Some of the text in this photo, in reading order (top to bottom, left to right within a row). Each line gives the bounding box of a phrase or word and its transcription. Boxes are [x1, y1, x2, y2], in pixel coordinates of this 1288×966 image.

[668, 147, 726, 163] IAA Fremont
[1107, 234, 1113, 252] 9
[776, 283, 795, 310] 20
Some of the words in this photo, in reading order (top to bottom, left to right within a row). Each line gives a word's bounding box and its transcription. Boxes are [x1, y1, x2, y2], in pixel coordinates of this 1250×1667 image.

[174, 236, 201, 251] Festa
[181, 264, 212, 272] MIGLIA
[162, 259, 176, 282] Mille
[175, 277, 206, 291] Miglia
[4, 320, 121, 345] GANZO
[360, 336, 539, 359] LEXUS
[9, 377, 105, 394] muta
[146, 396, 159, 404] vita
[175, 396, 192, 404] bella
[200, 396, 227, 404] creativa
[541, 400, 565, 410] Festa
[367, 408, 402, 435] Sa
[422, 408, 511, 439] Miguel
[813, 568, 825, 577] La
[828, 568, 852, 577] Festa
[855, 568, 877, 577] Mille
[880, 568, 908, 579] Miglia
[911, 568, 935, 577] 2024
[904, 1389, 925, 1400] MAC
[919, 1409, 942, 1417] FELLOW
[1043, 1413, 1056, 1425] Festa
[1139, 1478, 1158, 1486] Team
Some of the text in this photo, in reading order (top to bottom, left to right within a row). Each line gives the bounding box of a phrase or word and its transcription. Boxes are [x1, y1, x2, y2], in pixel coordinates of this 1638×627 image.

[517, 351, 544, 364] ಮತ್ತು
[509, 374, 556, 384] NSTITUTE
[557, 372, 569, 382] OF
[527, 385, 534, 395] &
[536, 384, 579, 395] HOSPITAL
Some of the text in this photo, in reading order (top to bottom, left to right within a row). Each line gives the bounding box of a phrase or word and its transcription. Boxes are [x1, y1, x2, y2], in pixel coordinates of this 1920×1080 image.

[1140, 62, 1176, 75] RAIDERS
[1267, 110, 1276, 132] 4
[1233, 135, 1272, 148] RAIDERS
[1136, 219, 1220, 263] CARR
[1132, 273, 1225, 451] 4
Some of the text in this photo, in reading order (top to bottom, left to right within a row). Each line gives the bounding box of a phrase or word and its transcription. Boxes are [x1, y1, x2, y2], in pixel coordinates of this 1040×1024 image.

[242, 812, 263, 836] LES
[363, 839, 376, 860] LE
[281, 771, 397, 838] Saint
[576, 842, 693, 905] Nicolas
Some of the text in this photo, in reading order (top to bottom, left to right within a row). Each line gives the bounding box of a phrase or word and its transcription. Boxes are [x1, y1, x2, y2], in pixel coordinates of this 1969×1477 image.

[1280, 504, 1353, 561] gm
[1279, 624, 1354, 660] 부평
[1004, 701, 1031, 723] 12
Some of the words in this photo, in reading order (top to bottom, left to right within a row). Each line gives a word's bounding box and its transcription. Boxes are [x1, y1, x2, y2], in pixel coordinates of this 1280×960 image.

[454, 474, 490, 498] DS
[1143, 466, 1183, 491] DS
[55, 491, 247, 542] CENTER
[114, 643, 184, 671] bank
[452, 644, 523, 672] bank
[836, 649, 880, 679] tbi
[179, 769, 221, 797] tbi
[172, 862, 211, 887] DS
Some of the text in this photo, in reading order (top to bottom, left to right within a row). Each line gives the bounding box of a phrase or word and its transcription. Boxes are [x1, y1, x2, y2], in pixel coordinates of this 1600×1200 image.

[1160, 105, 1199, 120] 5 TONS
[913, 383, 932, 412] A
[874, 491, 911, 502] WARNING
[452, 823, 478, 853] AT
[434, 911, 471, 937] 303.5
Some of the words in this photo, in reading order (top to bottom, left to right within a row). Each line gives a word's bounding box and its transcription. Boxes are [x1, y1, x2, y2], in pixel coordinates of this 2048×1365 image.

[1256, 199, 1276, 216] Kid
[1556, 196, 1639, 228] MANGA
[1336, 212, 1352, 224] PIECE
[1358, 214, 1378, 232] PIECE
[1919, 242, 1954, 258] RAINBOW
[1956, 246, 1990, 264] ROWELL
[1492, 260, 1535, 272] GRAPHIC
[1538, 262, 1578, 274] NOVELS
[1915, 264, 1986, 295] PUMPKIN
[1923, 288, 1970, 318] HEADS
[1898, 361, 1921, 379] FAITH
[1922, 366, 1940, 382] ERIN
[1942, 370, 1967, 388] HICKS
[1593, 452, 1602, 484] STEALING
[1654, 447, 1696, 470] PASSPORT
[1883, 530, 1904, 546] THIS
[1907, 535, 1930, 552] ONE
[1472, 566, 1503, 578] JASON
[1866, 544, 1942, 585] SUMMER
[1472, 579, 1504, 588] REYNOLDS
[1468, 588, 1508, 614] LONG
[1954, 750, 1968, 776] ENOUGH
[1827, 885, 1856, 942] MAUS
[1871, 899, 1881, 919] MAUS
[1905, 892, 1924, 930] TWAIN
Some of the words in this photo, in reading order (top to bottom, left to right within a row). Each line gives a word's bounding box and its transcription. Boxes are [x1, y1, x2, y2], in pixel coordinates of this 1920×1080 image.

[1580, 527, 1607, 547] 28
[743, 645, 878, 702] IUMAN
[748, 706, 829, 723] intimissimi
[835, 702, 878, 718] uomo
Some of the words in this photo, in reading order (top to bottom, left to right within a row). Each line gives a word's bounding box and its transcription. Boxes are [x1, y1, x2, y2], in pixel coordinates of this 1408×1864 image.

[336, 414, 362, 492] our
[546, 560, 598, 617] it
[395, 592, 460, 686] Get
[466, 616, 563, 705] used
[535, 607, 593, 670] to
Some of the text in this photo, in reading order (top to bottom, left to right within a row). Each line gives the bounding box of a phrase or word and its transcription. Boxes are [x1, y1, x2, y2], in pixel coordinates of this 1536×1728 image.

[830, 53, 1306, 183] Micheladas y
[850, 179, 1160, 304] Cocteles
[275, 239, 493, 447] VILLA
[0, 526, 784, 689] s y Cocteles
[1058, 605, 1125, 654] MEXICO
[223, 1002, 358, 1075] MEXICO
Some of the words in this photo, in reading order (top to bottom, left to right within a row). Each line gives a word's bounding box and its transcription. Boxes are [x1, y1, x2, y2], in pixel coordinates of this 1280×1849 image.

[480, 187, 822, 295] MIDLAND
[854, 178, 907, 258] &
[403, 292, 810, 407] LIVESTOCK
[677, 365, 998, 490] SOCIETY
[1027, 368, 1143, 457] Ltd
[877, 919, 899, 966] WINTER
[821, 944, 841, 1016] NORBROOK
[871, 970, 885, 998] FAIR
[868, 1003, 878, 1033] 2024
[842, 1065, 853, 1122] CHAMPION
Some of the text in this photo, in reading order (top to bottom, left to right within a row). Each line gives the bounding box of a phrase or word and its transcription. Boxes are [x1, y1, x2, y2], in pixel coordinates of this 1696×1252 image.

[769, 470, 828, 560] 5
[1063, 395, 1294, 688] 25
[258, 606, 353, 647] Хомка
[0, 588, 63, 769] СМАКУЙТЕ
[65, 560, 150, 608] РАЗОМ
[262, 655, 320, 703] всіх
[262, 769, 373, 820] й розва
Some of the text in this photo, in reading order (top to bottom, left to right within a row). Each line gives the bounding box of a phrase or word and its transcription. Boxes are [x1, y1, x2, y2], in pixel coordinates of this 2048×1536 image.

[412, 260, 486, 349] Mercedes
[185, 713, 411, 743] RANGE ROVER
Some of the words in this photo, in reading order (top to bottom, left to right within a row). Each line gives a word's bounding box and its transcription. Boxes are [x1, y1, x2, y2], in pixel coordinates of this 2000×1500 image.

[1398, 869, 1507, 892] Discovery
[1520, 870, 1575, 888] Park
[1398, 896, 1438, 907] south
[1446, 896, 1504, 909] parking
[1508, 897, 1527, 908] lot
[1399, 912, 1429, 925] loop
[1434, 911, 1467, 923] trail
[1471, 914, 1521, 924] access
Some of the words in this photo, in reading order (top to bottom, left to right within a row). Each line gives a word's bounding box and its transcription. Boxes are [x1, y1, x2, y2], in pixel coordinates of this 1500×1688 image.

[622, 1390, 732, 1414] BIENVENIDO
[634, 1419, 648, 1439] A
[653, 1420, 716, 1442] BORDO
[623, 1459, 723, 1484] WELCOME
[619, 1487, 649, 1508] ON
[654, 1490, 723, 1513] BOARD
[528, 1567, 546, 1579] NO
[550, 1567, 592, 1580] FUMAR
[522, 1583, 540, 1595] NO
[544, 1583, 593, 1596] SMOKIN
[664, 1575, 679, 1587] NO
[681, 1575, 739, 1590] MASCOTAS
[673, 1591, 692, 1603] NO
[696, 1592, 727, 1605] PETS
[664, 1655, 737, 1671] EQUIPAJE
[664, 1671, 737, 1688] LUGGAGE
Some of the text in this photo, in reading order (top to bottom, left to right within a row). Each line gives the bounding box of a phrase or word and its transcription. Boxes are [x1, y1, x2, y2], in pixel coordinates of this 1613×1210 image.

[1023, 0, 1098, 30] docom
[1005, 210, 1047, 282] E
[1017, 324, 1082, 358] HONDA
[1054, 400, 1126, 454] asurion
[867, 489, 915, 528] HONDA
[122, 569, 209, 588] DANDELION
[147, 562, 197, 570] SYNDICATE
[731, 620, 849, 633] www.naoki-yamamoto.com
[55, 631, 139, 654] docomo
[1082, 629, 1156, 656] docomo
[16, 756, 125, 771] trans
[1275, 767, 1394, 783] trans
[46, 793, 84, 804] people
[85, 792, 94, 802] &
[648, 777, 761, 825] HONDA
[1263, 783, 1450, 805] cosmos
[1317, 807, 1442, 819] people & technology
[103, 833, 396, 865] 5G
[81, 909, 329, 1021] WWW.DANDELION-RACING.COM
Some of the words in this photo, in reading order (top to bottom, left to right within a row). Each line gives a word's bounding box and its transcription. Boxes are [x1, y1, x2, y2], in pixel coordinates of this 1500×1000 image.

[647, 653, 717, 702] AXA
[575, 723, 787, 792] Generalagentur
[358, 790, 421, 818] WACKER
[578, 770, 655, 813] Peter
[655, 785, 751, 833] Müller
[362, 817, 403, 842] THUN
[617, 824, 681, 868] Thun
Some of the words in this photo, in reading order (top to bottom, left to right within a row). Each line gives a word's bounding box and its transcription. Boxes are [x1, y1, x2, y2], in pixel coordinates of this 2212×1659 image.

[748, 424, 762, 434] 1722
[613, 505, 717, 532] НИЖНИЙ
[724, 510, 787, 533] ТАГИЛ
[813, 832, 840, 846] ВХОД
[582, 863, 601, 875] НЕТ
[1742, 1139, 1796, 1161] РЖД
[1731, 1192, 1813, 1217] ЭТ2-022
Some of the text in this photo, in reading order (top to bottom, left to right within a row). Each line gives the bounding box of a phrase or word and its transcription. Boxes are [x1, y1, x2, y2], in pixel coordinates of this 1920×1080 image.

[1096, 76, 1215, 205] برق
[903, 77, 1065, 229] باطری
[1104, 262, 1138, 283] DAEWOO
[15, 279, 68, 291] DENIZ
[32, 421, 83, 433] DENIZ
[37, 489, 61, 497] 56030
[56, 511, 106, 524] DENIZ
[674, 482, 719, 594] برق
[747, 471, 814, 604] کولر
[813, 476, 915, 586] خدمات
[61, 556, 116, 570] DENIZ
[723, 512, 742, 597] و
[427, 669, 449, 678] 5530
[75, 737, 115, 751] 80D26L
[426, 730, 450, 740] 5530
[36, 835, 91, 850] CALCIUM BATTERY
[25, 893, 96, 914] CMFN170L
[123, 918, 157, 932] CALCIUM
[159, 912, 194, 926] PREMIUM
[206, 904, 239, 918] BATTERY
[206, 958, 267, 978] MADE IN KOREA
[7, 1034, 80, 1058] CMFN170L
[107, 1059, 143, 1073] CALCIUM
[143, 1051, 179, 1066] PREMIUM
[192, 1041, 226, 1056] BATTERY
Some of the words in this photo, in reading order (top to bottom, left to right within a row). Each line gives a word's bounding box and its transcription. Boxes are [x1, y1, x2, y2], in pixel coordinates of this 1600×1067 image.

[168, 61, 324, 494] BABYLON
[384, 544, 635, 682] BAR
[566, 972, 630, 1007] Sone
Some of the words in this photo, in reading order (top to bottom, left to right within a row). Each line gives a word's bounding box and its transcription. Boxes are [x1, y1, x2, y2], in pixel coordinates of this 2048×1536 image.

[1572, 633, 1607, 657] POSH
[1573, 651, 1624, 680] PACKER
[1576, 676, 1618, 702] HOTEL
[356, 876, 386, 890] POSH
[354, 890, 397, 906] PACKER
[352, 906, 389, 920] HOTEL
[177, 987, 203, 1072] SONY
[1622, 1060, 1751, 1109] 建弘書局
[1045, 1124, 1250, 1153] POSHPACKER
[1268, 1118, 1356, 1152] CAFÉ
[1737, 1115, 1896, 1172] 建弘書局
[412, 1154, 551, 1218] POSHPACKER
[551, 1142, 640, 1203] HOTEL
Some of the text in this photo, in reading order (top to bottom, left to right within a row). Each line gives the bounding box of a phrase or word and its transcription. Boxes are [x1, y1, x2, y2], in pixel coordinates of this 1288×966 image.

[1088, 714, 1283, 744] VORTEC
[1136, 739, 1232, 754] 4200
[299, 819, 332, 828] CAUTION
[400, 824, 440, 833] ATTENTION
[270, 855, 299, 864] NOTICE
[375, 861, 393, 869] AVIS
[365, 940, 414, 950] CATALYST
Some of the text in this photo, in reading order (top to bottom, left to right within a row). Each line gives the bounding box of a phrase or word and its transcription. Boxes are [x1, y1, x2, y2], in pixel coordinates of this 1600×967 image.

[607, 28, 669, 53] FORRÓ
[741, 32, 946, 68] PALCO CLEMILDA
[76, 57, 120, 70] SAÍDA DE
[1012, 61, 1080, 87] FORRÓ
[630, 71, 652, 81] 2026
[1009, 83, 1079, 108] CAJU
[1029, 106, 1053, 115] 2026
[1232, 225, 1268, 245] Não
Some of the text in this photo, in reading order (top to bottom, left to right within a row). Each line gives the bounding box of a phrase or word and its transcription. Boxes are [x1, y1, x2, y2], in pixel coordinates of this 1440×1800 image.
============================================================
- **Exercise**
Please transcribe only the portion of the material that starts at the line containing "this 1600×967 image." and runs through its last line, inclusive, exactly as given.

- **Result of the task**
Some of the text in this photo, in reading order (top to bottom, left to right within a row). Each line gives the bounding box of a phrase or word and its transcription. Boxes are [x1, y1, x2, y2], in pixel coordinates of this 1600×967 image.

[607, 28, 669, 53] FORRÓ
[741, 32, 946, 68] PALCO CLEMILDA
[76, 57, 120, 70] SAÍDA DE
[1012, 61, 1080, 87] FORRÓ
[630, 71, 652, 81] 2026
[1009, 83, 1079, 108] CAJU
[1029, 106, 1053, 115] 2026
[1232, 225, 1268, 245] Não
Some of the text in this photo, in reading order (top to bottom, left to right within a row). Each line gives the bounding box of a phrase or word and its transcription. Boxes are [x1, y1, x2, y2], in pixel coordinates of this 1440×1800 image.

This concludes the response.